<<<<
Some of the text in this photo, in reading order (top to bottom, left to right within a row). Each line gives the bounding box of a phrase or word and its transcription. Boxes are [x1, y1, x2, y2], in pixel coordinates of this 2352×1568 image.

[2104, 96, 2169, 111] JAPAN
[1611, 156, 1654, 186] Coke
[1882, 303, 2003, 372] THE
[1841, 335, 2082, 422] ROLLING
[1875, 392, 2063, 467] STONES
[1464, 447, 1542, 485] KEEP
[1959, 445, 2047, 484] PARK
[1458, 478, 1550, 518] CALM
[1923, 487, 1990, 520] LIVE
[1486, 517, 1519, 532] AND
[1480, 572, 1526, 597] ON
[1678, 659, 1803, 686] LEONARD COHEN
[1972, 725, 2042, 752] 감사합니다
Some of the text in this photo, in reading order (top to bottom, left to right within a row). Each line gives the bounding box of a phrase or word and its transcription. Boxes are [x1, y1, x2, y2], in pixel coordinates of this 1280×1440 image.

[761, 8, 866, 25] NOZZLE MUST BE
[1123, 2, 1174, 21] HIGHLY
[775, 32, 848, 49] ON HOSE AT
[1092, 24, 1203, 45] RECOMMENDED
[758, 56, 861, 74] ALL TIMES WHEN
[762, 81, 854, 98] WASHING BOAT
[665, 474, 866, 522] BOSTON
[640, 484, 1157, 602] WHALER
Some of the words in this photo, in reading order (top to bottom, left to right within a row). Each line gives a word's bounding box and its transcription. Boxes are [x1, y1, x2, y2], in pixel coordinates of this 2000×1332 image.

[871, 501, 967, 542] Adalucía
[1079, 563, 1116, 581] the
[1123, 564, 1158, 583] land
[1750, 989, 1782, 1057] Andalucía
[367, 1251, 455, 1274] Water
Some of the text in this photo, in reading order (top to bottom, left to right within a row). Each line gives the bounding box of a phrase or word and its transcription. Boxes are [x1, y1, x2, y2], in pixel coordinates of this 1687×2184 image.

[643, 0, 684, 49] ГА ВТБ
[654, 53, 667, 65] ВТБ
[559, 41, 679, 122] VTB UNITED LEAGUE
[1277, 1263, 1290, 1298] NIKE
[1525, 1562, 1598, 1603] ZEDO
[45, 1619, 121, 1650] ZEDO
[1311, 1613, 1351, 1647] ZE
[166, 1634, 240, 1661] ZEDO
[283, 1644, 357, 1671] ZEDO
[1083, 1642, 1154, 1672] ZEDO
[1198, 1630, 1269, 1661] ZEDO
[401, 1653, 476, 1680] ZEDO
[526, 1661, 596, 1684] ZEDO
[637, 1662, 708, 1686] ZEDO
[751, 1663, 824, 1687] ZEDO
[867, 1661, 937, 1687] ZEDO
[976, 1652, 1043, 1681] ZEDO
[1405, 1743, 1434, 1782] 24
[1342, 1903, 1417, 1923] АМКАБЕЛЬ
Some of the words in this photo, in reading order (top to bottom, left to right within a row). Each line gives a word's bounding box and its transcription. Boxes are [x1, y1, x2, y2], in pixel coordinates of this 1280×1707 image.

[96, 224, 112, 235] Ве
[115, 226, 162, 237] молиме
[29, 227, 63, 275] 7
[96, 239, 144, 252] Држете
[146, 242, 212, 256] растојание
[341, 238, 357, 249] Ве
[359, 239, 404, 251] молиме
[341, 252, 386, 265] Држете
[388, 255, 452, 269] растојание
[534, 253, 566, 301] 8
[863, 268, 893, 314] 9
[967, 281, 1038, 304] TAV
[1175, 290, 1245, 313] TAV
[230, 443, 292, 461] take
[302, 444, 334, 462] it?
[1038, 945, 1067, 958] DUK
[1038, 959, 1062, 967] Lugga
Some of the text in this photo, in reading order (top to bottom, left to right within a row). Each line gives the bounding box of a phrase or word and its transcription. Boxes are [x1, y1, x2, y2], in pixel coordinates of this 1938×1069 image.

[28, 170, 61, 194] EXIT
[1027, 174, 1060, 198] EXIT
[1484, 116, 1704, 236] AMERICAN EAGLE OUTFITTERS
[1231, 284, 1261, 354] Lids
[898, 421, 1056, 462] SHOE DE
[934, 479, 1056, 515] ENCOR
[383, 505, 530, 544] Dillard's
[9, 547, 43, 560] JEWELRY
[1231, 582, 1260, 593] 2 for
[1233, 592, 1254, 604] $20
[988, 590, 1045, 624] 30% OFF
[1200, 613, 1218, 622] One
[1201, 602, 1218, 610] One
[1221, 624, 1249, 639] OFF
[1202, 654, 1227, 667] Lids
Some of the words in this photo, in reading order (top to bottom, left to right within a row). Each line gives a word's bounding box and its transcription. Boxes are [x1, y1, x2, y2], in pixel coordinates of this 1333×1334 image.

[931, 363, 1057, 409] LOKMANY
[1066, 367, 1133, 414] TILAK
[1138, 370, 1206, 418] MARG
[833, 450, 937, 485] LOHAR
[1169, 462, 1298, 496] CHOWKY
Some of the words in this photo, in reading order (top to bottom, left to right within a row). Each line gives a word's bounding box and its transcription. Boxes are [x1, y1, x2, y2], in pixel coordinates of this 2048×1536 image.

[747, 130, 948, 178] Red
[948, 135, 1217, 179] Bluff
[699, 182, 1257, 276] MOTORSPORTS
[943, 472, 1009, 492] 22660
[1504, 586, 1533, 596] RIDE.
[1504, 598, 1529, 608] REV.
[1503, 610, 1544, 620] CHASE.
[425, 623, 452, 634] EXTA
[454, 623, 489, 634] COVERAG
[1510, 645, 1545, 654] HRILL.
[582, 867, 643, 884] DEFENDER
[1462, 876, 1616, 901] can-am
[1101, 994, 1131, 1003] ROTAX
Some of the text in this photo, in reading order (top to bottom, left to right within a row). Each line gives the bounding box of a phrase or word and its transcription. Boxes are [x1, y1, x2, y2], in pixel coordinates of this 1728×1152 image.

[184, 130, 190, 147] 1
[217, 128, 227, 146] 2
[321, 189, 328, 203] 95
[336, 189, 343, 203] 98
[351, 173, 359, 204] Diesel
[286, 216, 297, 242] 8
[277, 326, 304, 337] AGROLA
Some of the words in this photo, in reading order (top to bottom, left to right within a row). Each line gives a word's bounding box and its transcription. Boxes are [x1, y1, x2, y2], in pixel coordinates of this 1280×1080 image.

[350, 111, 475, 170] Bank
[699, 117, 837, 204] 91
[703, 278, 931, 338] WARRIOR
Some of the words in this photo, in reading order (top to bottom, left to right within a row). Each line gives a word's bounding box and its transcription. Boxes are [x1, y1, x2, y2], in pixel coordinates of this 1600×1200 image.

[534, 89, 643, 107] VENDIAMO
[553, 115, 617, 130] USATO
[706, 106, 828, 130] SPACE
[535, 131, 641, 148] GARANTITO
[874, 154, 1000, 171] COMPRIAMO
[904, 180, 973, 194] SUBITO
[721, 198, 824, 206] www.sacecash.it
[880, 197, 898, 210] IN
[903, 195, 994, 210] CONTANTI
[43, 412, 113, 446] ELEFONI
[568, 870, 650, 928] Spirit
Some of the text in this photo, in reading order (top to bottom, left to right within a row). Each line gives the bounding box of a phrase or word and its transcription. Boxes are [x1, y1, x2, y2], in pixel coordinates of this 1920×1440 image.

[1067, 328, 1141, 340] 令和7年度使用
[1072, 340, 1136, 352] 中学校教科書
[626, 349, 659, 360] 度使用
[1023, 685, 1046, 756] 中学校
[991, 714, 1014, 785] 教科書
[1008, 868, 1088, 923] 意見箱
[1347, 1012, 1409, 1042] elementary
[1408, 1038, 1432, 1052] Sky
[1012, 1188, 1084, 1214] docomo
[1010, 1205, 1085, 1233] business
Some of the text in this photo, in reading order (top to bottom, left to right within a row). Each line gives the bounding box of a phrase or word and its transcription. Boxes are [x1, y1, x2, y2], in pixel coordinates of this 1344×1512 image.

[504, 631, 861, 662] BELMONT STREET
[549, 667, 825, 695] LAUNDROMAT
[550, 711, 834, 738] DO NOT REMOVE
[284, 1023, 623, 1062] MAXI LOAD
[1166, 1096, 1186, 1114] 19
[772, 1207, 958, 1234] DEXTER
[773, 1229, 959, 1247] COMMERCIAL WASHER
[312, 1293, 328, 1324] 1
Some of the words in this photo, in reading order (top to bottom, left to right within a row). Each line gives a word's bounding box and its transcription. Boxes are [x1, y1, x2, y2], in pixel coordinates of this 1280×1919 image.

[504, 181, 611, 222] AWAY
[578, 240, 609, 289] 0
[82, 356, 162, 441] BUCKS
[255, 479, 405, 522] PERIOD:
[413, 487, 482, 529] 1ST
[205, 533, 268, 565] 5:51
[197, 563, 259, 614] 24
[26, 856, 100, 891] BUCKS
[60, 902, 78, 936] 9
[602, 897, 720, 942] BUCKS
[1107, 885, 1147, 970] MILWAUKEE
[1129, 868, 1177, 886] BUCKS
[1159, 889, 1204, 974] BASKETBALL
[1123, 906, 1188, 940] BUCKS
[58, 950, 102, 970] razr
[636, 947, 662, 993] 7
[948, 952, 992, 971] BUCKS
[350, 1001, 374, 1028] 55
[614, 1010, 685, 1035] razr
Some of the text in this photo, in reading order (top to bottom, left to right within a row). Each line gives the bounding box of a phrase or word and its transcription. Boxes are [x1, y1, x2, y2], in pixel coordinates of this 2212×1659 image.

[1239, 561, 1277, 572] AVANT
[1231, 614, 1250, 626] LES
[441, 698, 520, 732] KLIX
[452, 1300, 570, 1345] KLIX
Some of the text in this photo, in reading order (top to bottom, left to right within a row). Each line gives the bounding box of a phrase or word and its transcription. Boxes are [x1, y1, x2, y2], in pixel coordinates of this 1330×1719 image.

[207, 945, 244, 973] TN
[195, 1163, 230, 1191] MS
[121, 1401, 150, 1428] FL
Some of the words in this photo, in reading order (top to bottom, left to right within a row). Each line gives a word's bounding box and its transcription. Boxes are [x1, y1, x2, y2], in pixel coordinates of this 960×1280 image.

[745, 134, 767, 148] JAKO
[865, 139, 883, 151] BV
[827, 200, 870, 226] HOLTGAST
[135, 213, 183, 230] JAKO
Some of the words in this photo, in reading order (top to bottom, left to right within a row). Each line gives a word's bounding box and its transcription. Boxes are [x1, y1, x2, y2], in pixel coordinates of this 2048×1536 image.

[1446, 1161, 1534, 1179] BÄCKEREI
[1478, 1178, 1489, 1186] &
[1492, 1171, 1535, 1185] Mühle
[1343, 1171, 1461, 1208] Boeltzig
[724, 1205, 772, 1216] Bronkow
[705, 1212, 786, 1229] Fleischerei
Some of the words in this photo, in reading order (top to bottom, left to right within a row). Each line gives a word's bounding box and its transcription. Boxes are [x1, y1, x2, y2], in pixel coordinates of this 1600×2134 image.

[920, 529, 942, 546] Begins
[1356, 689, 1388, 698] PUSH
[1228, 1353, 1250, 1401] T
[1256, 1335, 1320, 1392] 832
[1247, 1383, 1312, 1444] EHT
>>>>
DIRECTIONS FOR THIS TASK >> Exactly the lines from the one containing "this 1600×2134 image." through the end of the records above are to be printed, and no others.

RESULT OF THIS TASK >>
Some of the words in this photo, in reading order (top to bottom, left to right within a row). Each line gives a word's bounding box and its transcription. Boxes are [x1, y1, x2, y2], in pixel coordinates of this 1600×2134 image.

[920, 529, 942, 546] Begins
[1356, 689, 1388, 698] PUSH
[1228, 1353, 1250, 1401] T
[1256, 1335, 1320, 1392] 832
[1247, 1383, 1312, 1444] EHT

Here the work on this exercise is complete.